Wherever an image appears in the records, exclude it, and reproduce everything else exactly.

▸ **EXTRACTED DATA**:
-- Opening Marker --

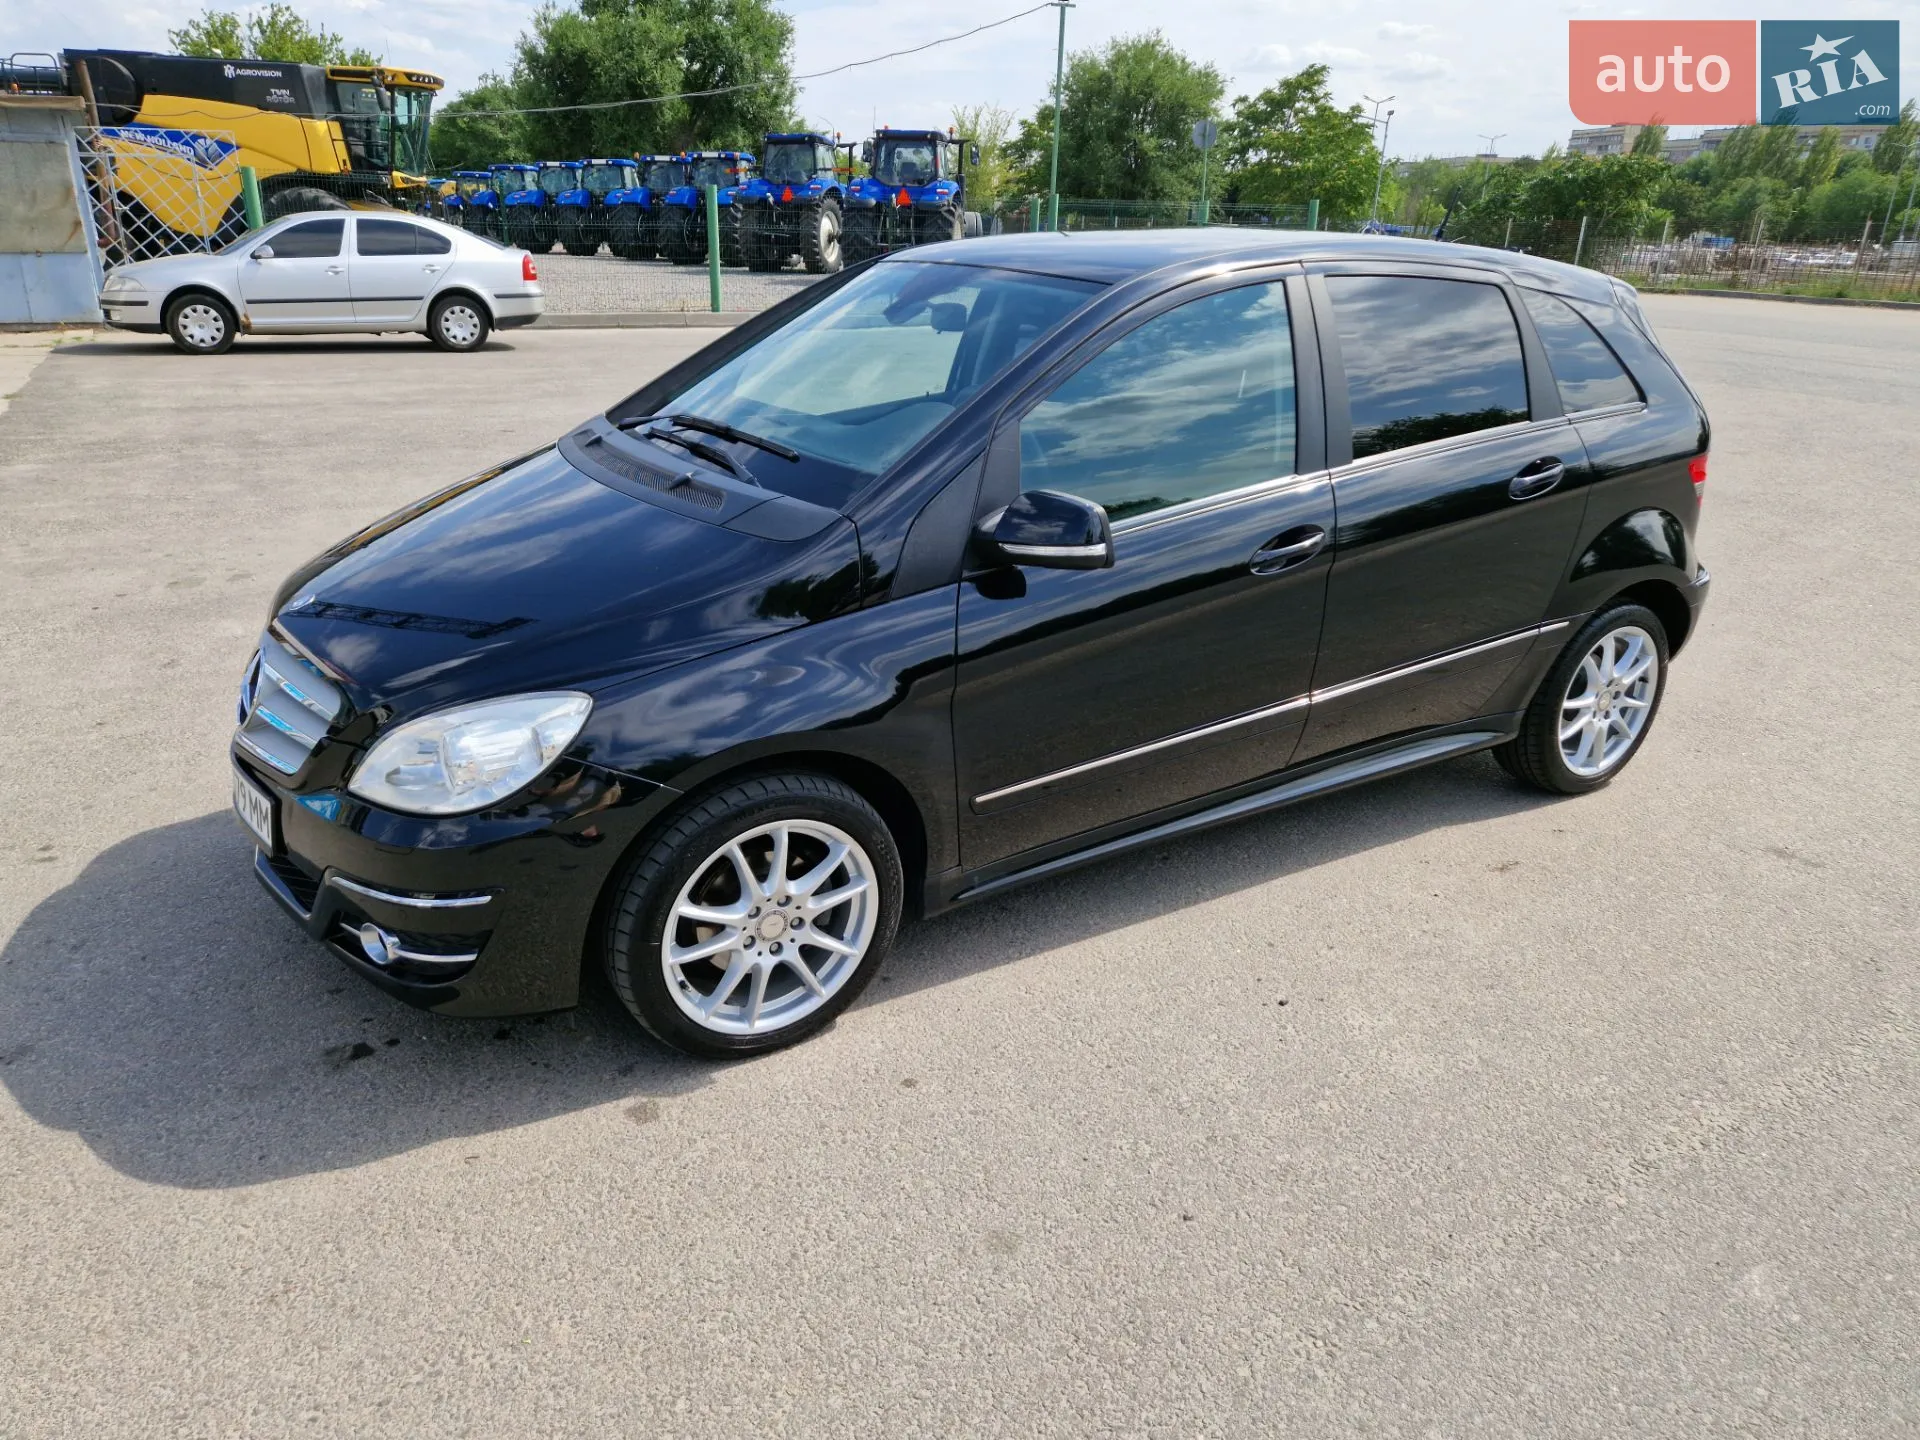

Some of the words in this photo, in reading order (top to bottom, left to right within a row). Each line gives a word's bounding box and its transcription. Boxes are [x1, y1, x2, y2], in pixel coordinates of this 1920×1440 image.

[236, 68, 282, 77] AGROVISION
[266, 95, 295, 104] ROTOR
[120, 129, 145, 142] NEW
[145, 134, 194, 156] HOLLAND
[248, 789, 270, 839] MM

-- Closing Marker --

▸ **RESULT OF THIS TASK**:
Some of the words in this photo, in reading order (top to bottom, left to right within a row). Each line gives a word's bounding box and its transcription. Boxes are [x1, y1, x2, y2], in pixel coordinates of this 1920×1440 image.

[236, 68, 282, 77] AGROVISION
[266, 95, 295, 104] ROTOR
[120, 129, 145, 142] NEW
[145, 134, 194, 156] HOLLAND
[248, 789, 270, 839] MM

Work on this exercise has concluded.